Last year my brother was trying to sight in my .270 for his cow hunt. Just as he'd get a couple shots together the zero would change.

My question is, is this a scope problem or is it the crown of the muzzle? We're leaning toward the scope, but I don't want to spend money on the scope if it's something else.

The gun is a Remington 7600. Scope is a Tasco World Class Pronghorn 3-9x40. Scope has been on it since about 1996 I think...


----------



## Hoopermat (Dec 17, 2010)

It's the scope


----------



## sagebrush (Sep 8, 2007)

It's both the gun and scope,


----------



## stimmie78 (Dec 8, 2007)

Explain why you think it's the gun as well as the scope please.


----------



## sagebrush (Sep 8, 2007)

The mod7600 is not known for the best accuracy the stock is a pos to Put it bluntly. Tasco use to to make a decent scope but their quality sucks now I had a world class that would not track .


----------



## 30-06-hunter (Sep 22, 2013)

Also keep in mind that after the first 2-3 rounds the barrel will heat up and change how it shoots from when it's cold, this is not as much of an issue with a fluted barrel but on cheaper barrels it's best to let it cool a bit between shot groups. When you are hunting you will have a cold barrel that will shoot like a cold barrel, so it's best to sight it in as such.


----------



## Springville Shooter (Oct 15, 2010)

There are several possibilities. Start with checking that the scope mounts are tight.----SS


----------



## Utmuddguy (Aug 25, 2013)

Grouping a couple together then a POI shift (especially vertically) I've usually found to be a bedding problem.


----------



## Springville Shooter (Oct 15, 2010)

Good luck improving bedding on a trombone action.------SS


----------



## Utmuddguy (Aug 25, 2013)

Probably is what it is a solid 3" rifle.


----------



## longbow (Mar 31, 2009)

Springville Shooter said:


> Good luck improving bedding on a trombone action.------SS


HA HA trombone action!!! I've never heard that one before. I just about spewed by Keystone. -_O-


----------



## Springville Shooter (Oct 15, 2010)

In all seriousness. You have to be reasonable about your expectations of a firearm based on the design. The. M 7600 was not designed as a precision shooter but a quick handling woods rifle where quick follow up shots are often needed. There are always the anomalies that guys like to throw out about the sub MOA model 88 or BAR. In my experience, the only non bolt rifle that shot consistently better than the rest was the model 99. Other than that, hope for 2 in groups and be ready for a quick follow up shot if you miss.-----SS

Ohh snap, I almost forgot, some single shots can shoot pretty good too. Don't want to offend the #1 crowd.


----------



## Bax* (Dec 14, 2008)

Springville Shooter said:


> Ohh snap, I almost forgot, some single shots can shoot pretty good too. Don't want to offend the #1 crowd.

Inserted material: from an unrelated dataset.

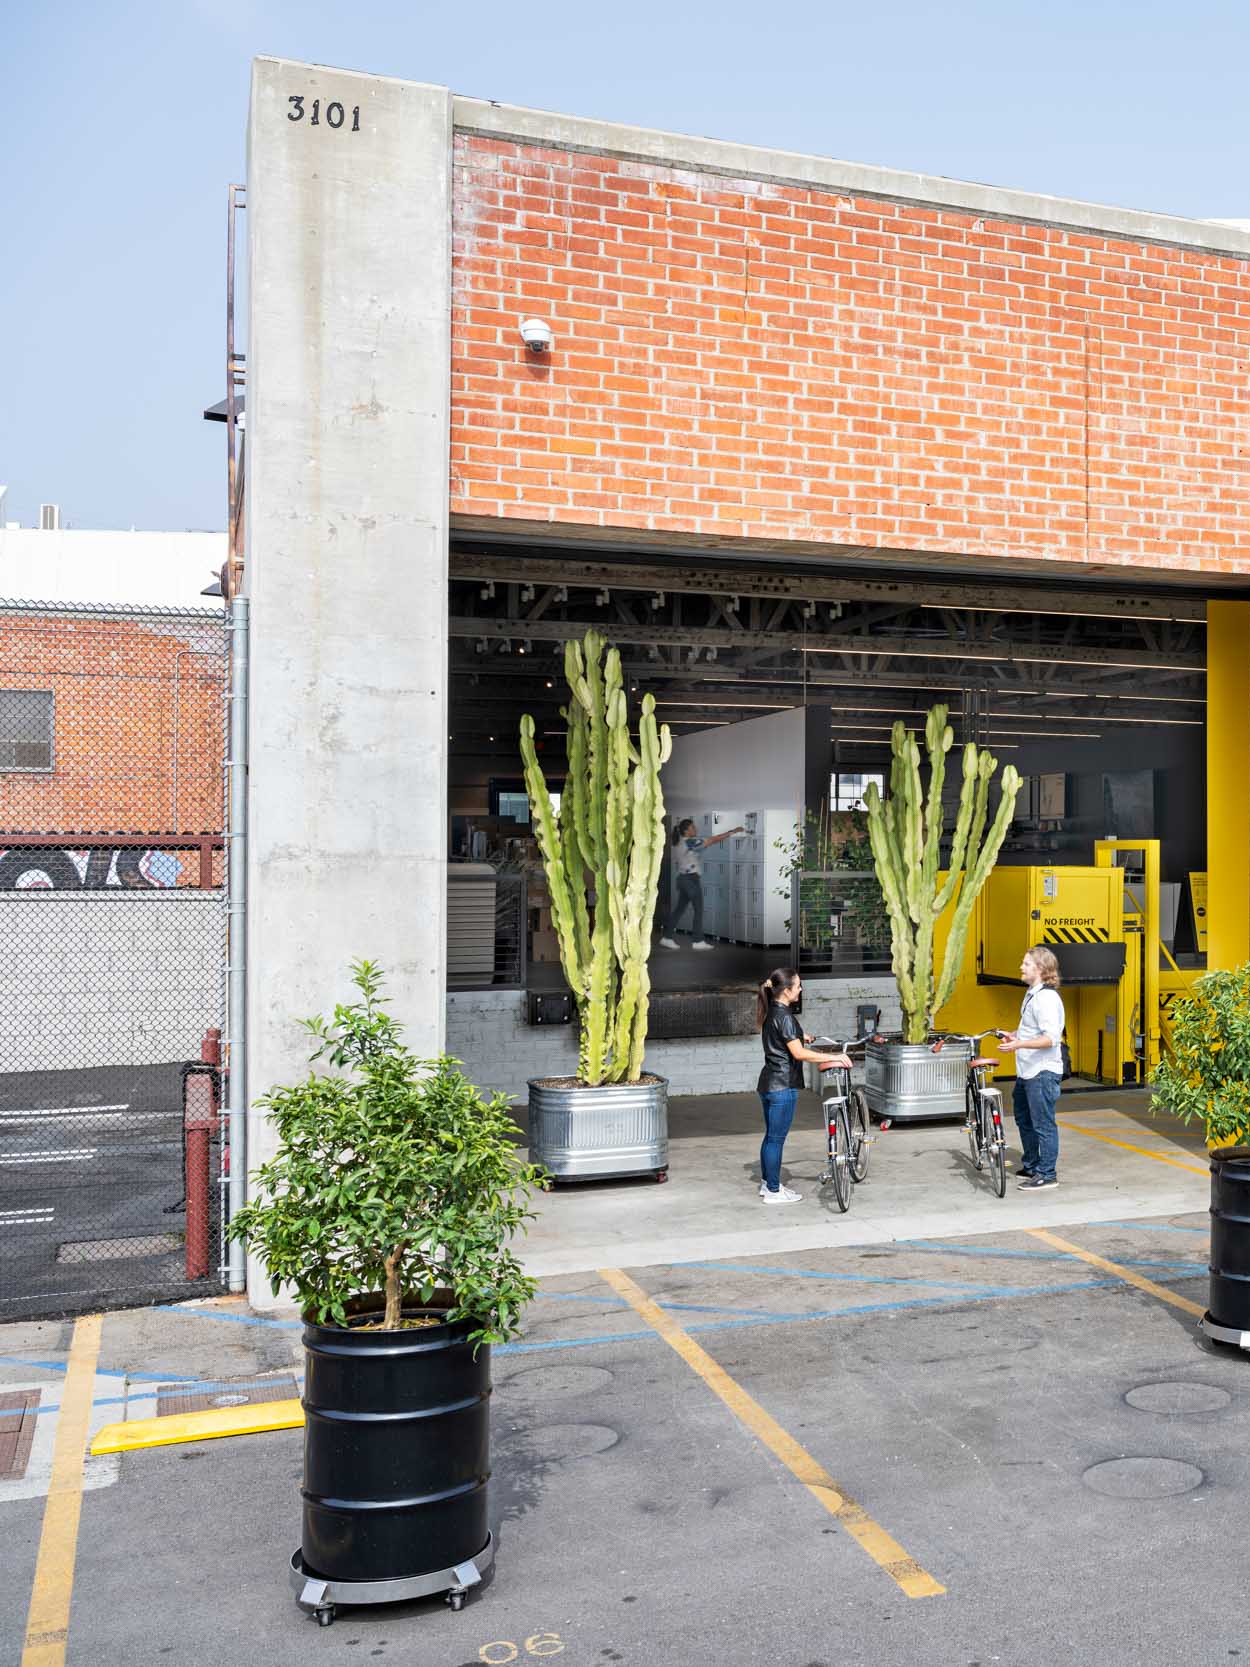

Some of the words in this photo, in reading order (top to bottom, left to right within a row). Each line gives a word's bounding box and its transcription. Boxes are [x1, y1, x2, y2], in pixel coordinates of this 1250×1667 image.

[287, 95, 360, 131] 3101
[1044, 918, 1058, 926] NO
[1059, 918, 1095, 926] FREIGHT
[479, 1632, 567, 1664] 06

What about my K95? That's a single shot


----------



## Springville Shooter (Oct 15, 2010)

Bax* said:


> What about my K95? That's a single shot


Some Blasers shot good, all. Blasers look good.-----SS


----------



## Bax* (Dec 14, 2008)

Springville Shooter said:


> Some Blasers shot good, all. Blasers look good.-----SS


Unfortunately I won't likely ever know how well mine shoots. Lately I haven't been shooting that well. Sounds like time to get back to fundamentals....


----------



## wyogoob (Sep 7, 2007)

I would check out the scope first and then fix the trigger. 

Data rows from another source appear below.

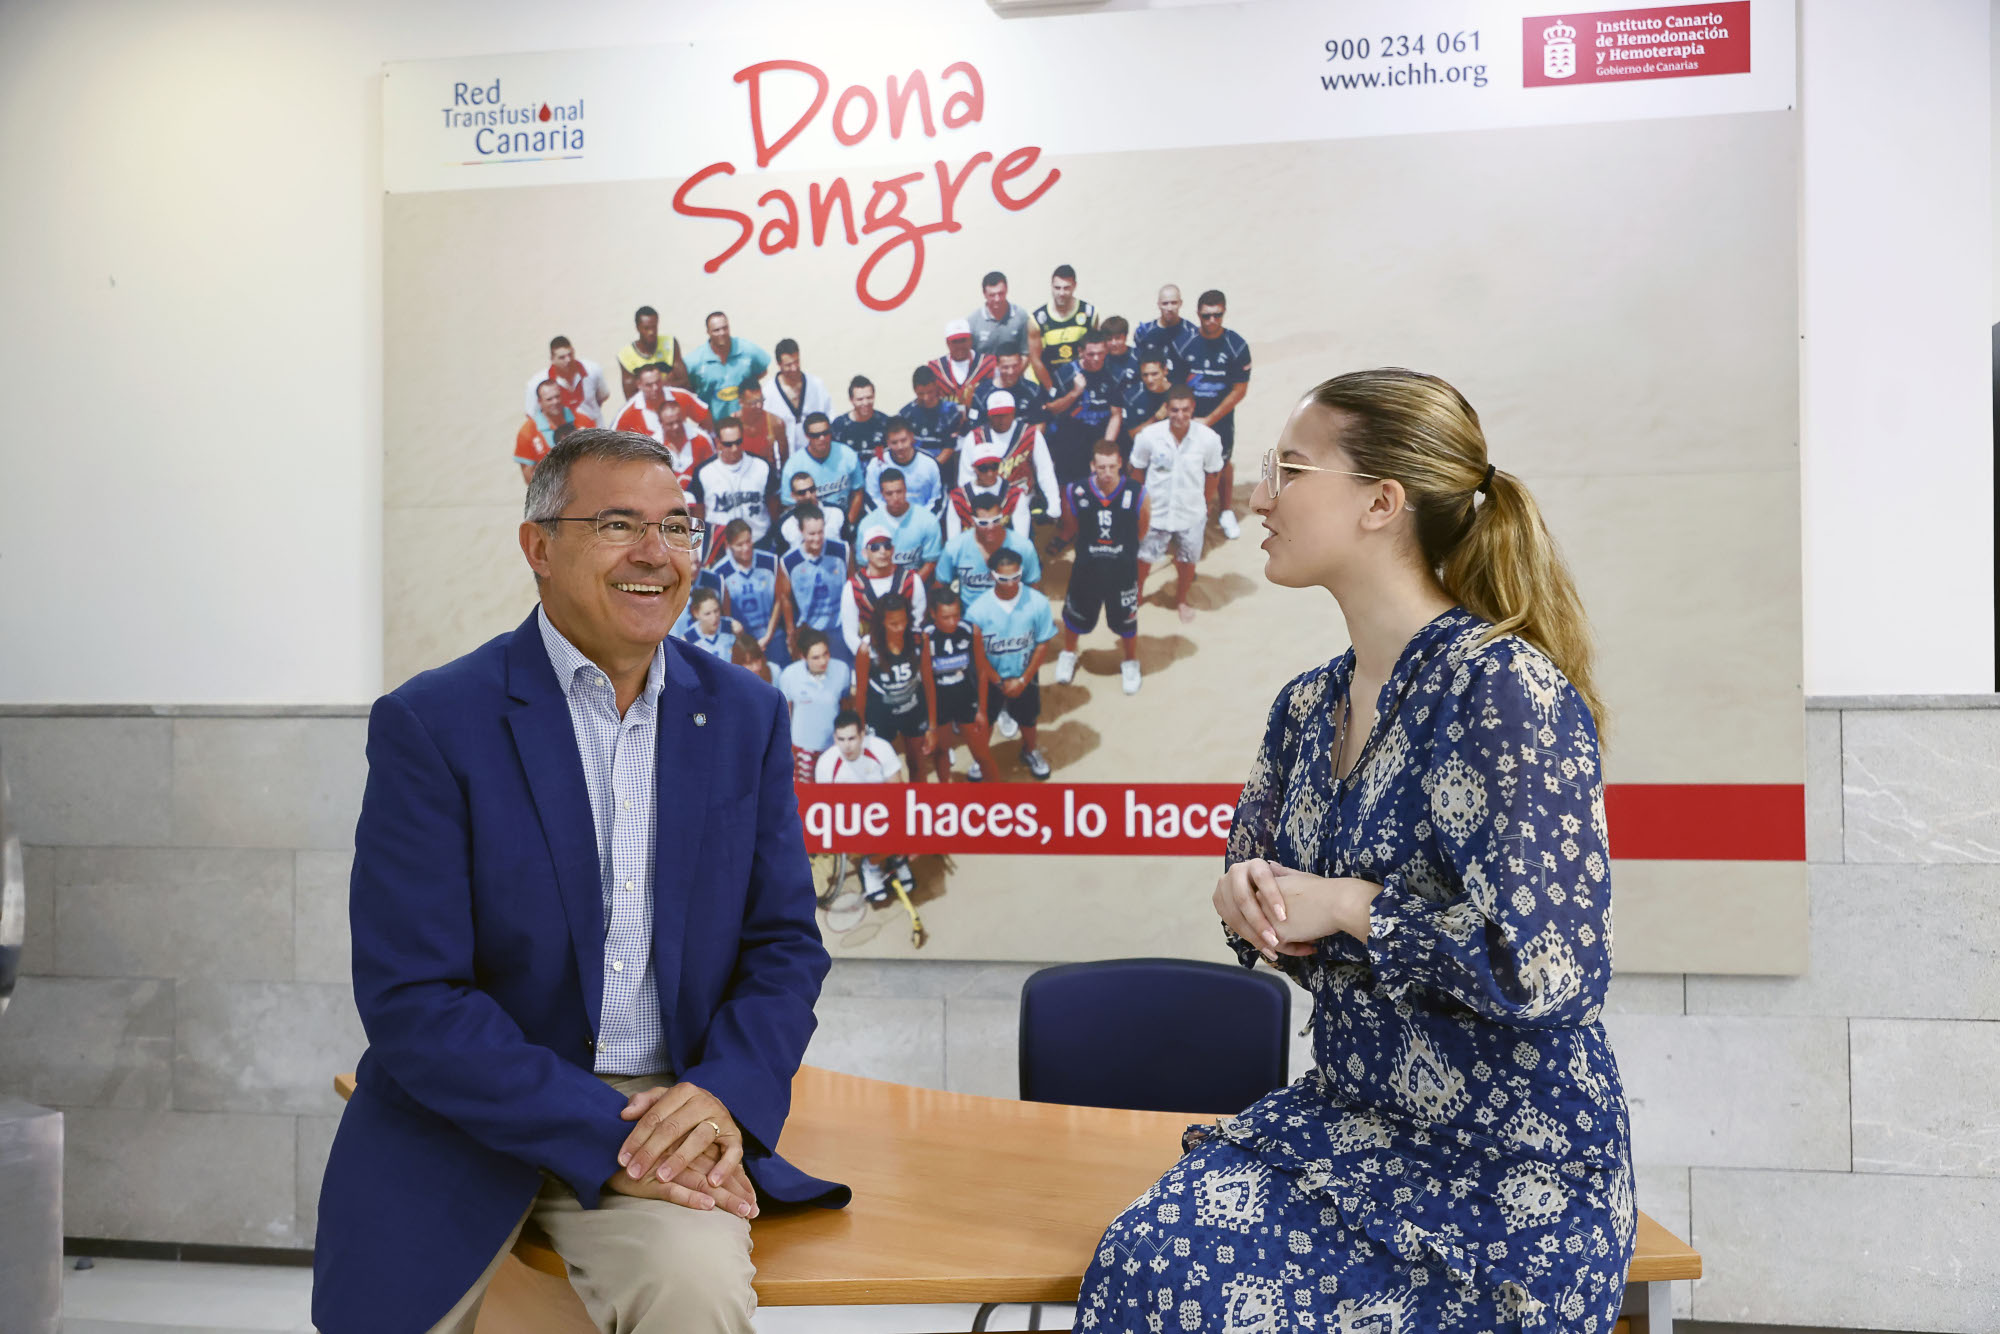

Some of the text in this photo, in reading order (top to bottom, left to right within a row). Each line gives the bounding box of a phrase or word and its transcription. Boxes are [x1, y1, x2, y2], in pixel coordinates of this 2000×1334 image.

[1596, 12, 1723, 33] Instituto Canario
[1325, 30, 1480, 62] 900 234 061
[1595, 26, 1729, 48] de Hemodonación
[1596, 42, 1705, 64] y Hemoterapia
[1321, 62, 1488, 91] www.ichh.org
[1596, 60, 1699, 76] Gobierno de Canarias
[454, 78, 501, 106] Red
[733, 60, 984, 168] Dona
[476, 125, 584, 155] Canaria
[672, 146, 1061, 312] Sangre
[891, 662, 912, 682] 15
[805, 802, 890, 849] que
[905, 789, 1052, 845] haces,
[1064, 789, 1107, 838] lo

The 7600 has the same clunky trigger as the Rem 870, not exactly what you would call a hunting rifle trigger. I put the Timney Rem 870 trigger kit in most of my 7600s and my shotgun slug 870s. Quite an improvement in accuracy.


----------



## ram2h2o (Sep 11, 2007)

Ditto to what Springville Shooter said. I still own a M-7600 that I used back in MS. It was always drifting up and to the right after a couple of shots. After the barrel cooled back down go was back on target.


----------